WHAT TO DO: Copy nothing but the text: repeat each entry exactly and drop the images.

╭──

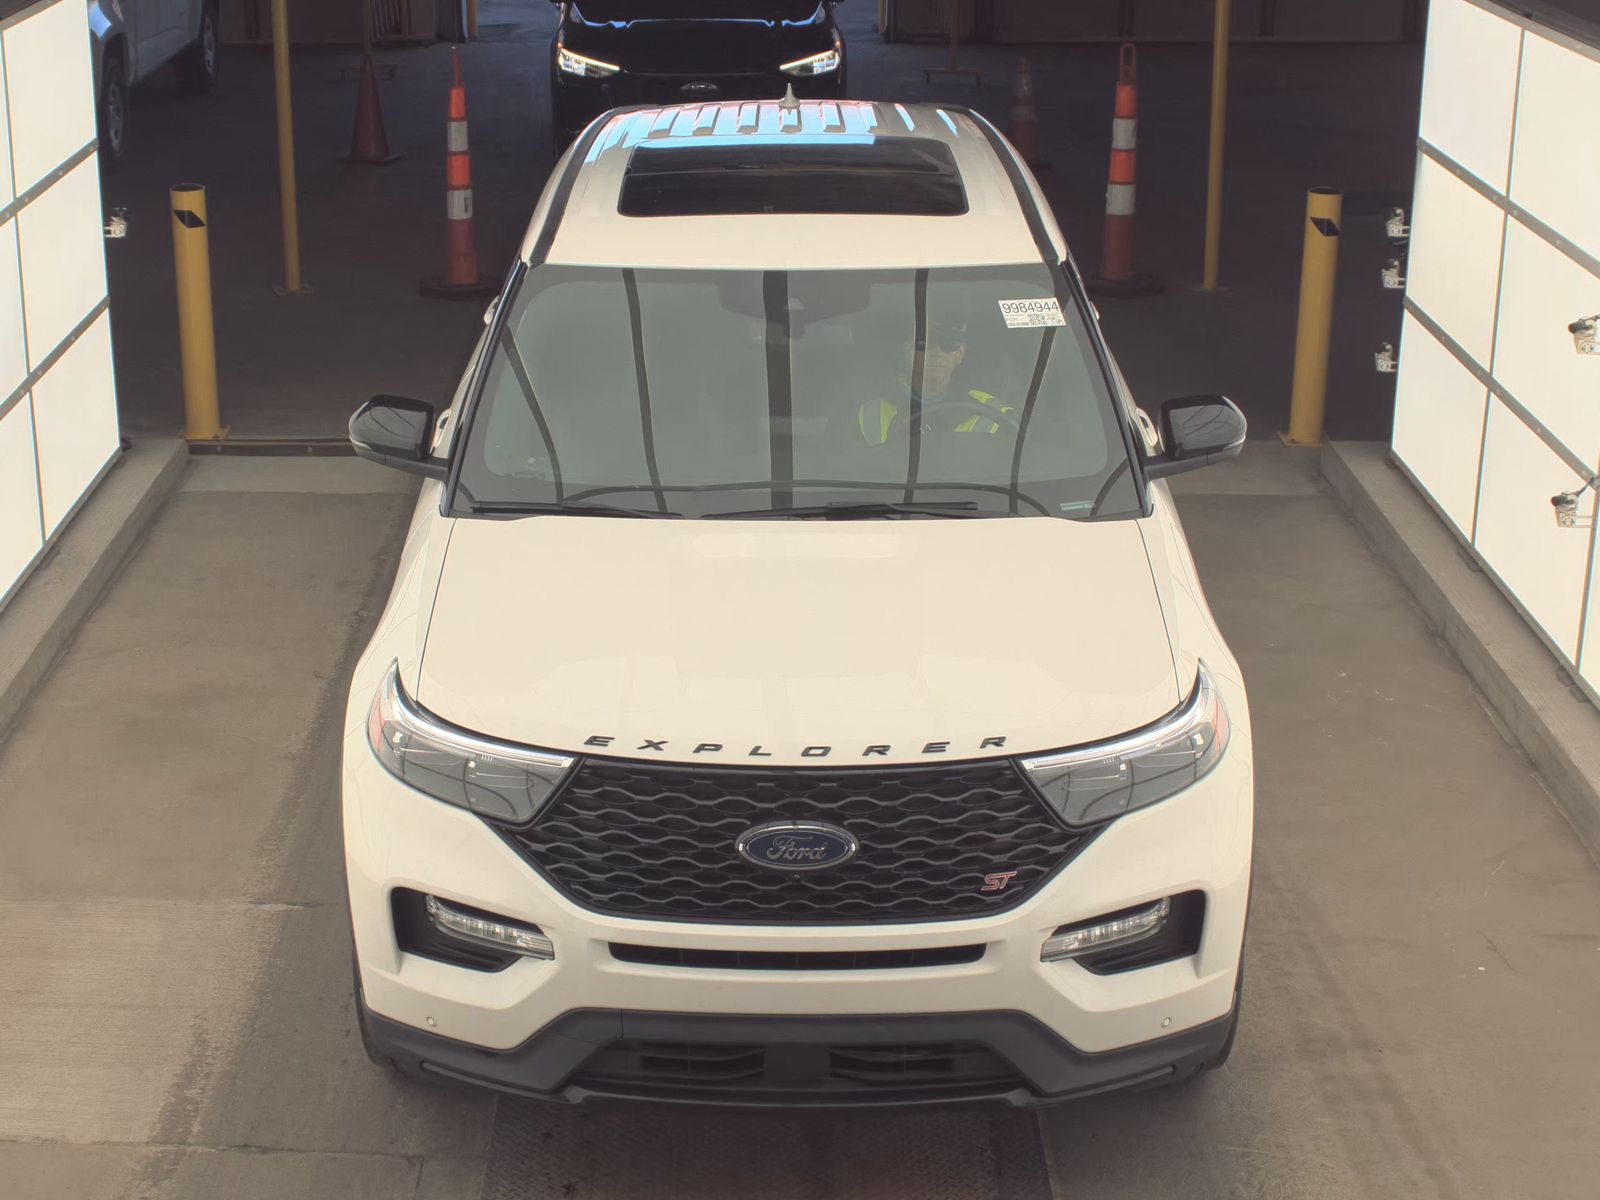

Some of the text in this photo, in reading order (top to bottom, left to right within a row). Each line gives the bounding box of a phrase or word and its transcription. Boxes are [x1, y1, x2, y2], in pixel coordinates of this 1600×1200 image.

[1002, 301, 1059, 314] 9984944
[584, 735, 1007, 757] EXPLORER
[767, 835, 828, 860] Ford
[981, 871, 1017, 891] ST
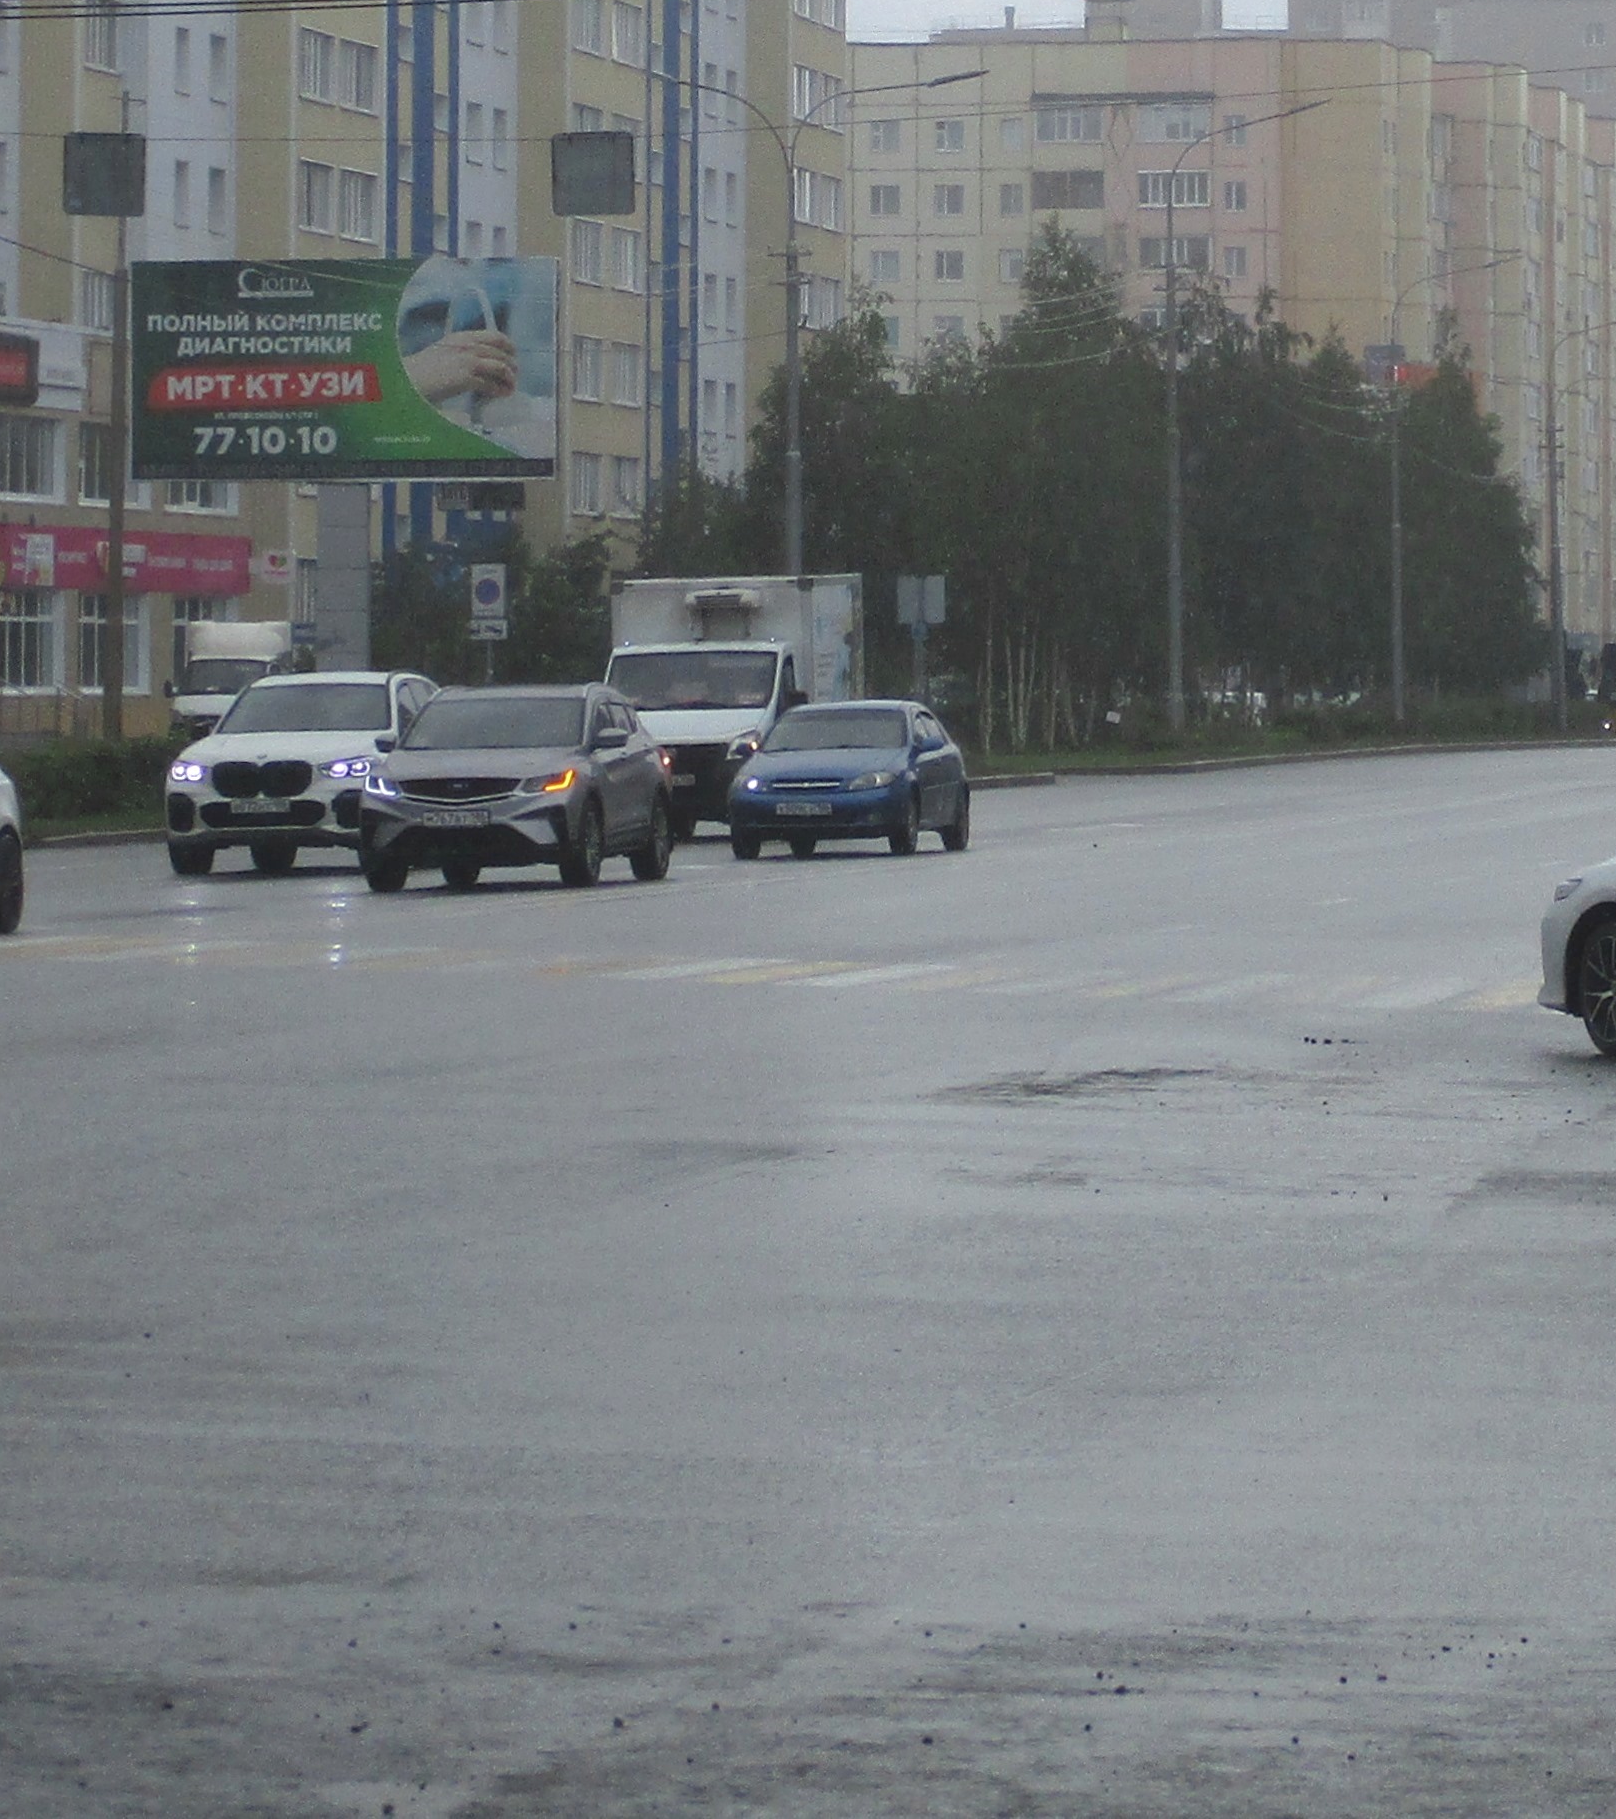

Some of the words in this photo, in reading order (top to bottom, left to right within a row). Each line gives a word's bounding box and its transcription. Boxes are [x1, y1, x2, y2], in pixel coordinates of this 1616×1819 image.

[147, 309, 250, 333] ПОЛНЫЙ
[255, 312, 383, 332] КОМПЛЕКС
[176, 335, 352, 357] ДИАГНОСТИКИ

╰──

FINAL ANSWER:
Some of the text in this photo, in reading order (top to bottom, left to right within a row). Each line gives the bounding box of a phrase or word and its transcription. Boxes are [x1, y1, x2, y2], in pixel coordinates of this 1600×1200 image.

[1002, 301, 1059, 314] 9984944
[584, 735, 1007, 757] EXPLORER
[767, 835, 828, 860] Ford
[981, 871, 1017, 891] ST

Some of the words in this photo, in reading order (top to bottom, left to right within a row). Each line gives a word's bounding box and its transcription. Boxes are [x1, y1, x2, y2], in pixel coordinates of this 1616×1819 image.

[147, 309, 250, 333] ПОЛНЫЙ
[255, 312, 383, 332] КОМПЛЕКС
[176, 335, 352, 357] ДИАГНОСТИКИ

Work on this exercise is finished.